→ Task goal: What is needed here is each entry reproduced exactly, without its pictures.

------ Given data

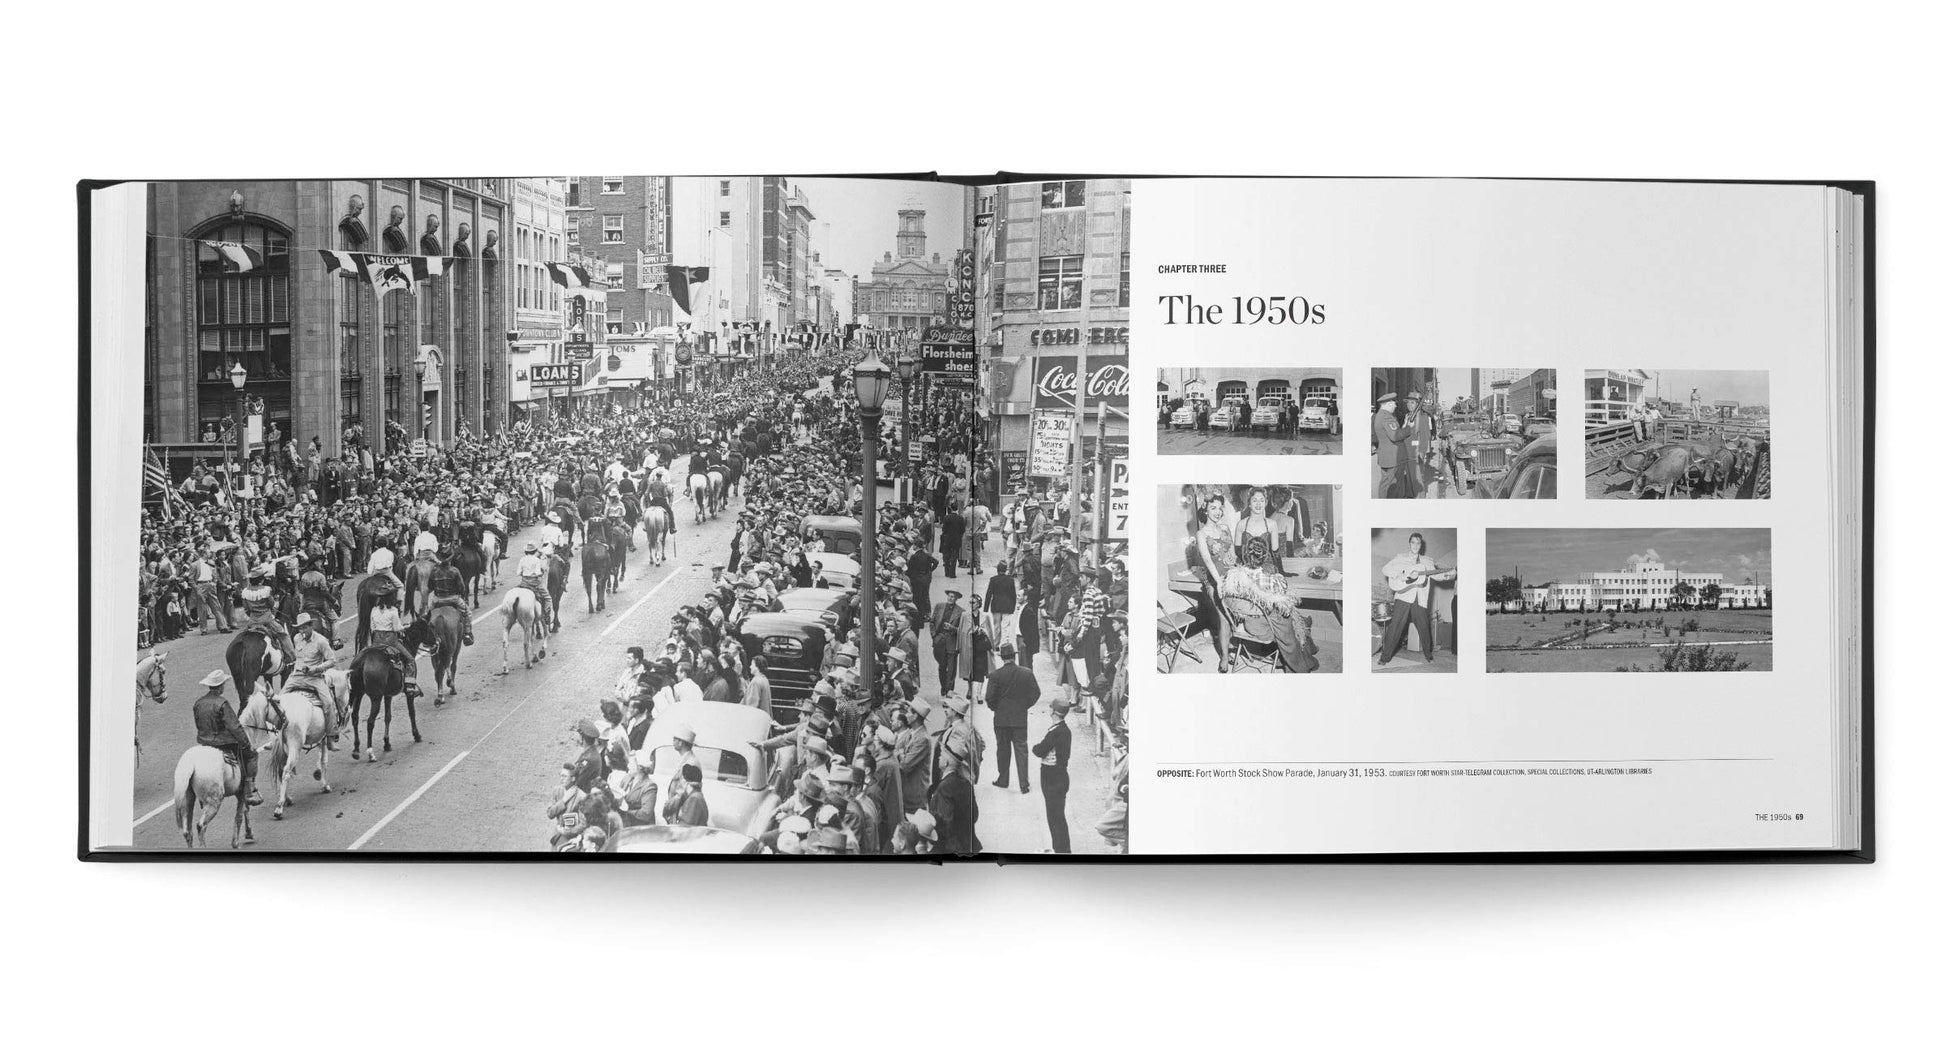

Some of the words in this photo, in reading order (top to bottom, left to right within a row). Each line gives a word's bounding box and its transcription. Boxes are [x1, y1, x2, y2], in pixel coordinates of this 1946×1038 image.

[1158, 265, 1197, 274] CHAPTER
[1199, 264, 1226, 273] THREE
[1159, 295, 1223, 325] The
[1232, 296, 1325, 325] 1950s
[923, 345, 973, 359] Florsheim
[532, 366, 579, 381] LOANS
[1157, 768, 1194, 777] OPPOSITE:
[1196, 769, 1212, 777] Fort
[1213, 769, 1236, 777] Worth
[1238, 769, 1261, 777] Stock
[1262, 768, 1284, 777] Show
[1286, 769, 1315, 778] Parade,
[1317, 769, 1347, 778] January
[1349, 768, 1361, 778] 31,
[1364, 768, 1387, 777] 1953.
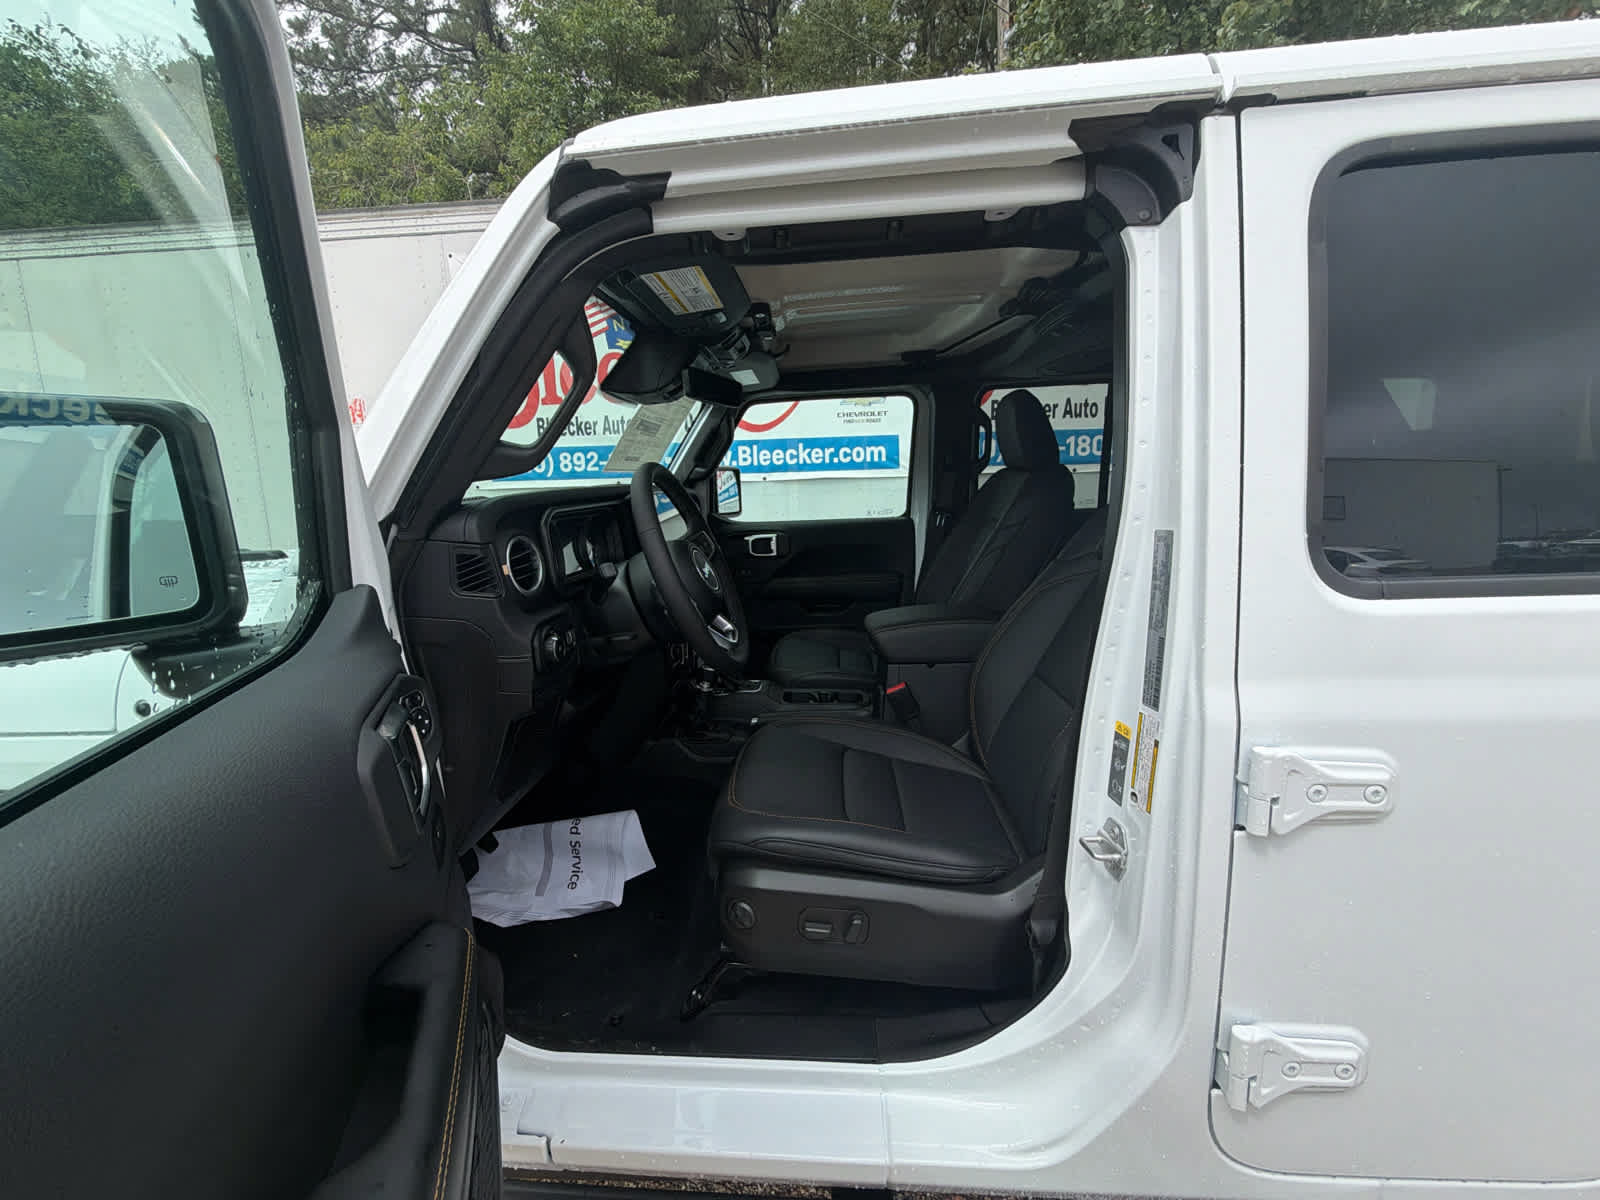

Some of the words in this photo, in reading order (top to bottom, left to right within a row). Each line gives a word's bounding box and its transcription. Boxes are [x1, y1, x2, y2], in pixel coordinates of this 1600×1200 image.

------------

→ Answer to this task:
Some of the words in this photo, in reading order (top to bottom, left to right within a row). Each line gives a word's bounding box and its transcription. Boxes are [x1, y1, x2, y2], in pixel coordinates of this 1946×1038 image.

[1158, 265, 1197, 274] CHAPTER
[1199, 264, 1226, 273] THREE
[1159, 295, 1223, 325] The
[1232, 296, 1325, 325] 1950s
[923, 345, 973, 359] Florsheim
[532, 366, 579, 381] LOANS
[1157, 768, 1194, 777] OPPOSITE:
[1196, 769, 1212, 777] Fort
[1213, 769, 1236, 777] Worth
[1238, 769, 1261, 777] Stock
[1262, 768, 1284, 777] Show
[1286, 769, 1315, 778] Parade,
[1317, 769, 1347, 778] January
[1349, 768, 1361, 778] 31,
[1364, 768, 1387, 777] 1953.

Some of the words in this photo, in reading order (top to bottom, left to right within a row). Each line gives a word's bounding box and its transcription. Boxes are [x1, y1, x2, y2], in pixel coordinates of this 1600×1200 image.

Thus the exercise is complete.